Currently the landlord’s interest payments made on mortgages as with other types of business, is a valid deductible expense, so the landlord only pays tax on their actual profits.

Starting in the 2017-18 tax year this will be changed over 4 years, which is likely to increase the amount of Income Tax due.

Research from the National Association of Landlords shows that the new rules could affect over 400,000 of UK landlords (25%) with them facing a tax increase from the 20% basic rate, to the 40% higher rate once the new rules start to come into force.

The new rules will affect all landlords who whose total rent and other income (before mortgage or other interest is deducted) exceeds the 40% Income Tax threshold.

In the 2017-18 tax year, 25% of finance costs will be subject to the new rules, rising to 50% in the 2018-19 tax year, 75% in 2019-20 and 100% from the 2020 tax year onwards.

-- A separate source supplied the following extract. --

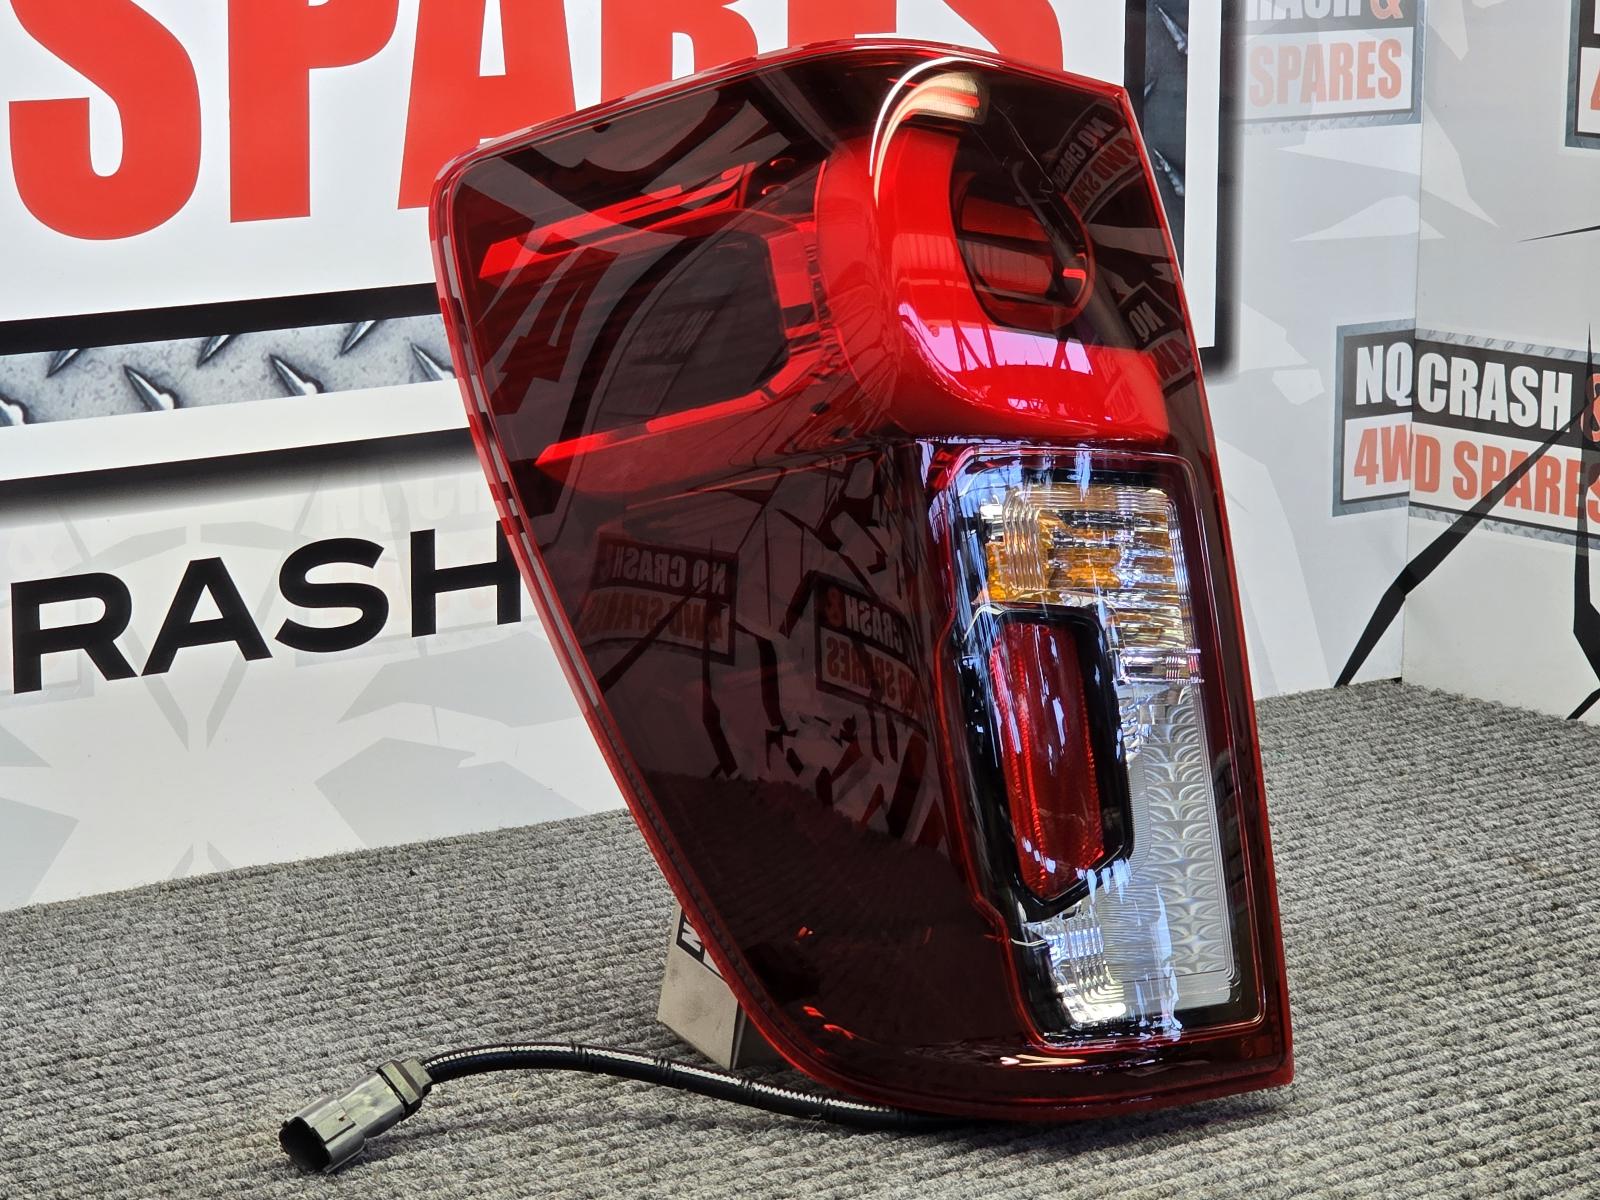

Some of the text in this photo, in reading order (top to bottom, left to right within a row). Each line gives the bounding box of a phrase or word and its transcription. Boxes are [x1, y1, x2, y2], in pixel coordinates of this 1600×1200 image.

[1250, 38, 1402, 107] SPARES
[1417, 352, 1573, 433] CRASH
[1354, 424, 1441, 493] 4WD

For many landlords who have high levels of borrowing these phased changes, coupled with any mortgage interest rate increases, could make their business unprofitable.

In the market buy to let landlords are buying new homes and renting. This has affected demand and in some cases is seen as at odds with the Governments Help to Buy scheme.

These tax changes may see some of this housing stock being sold by the Landlords or the cost being passed on to their tenants in the form of rent increases.

There are landlords with 1 -5 properties who invested their money into property because they were getting no interest on their savings in the bank, or following the financial crisis, no longer trust the pension model, who are now reliant on rental income.

As you would expect there are strong arguments and opinions from both sides.

“Landlords will face an impossible decision of whether to increase rents and cause misery for their tenants, or to sell-up, and force their tenants to find a new home”.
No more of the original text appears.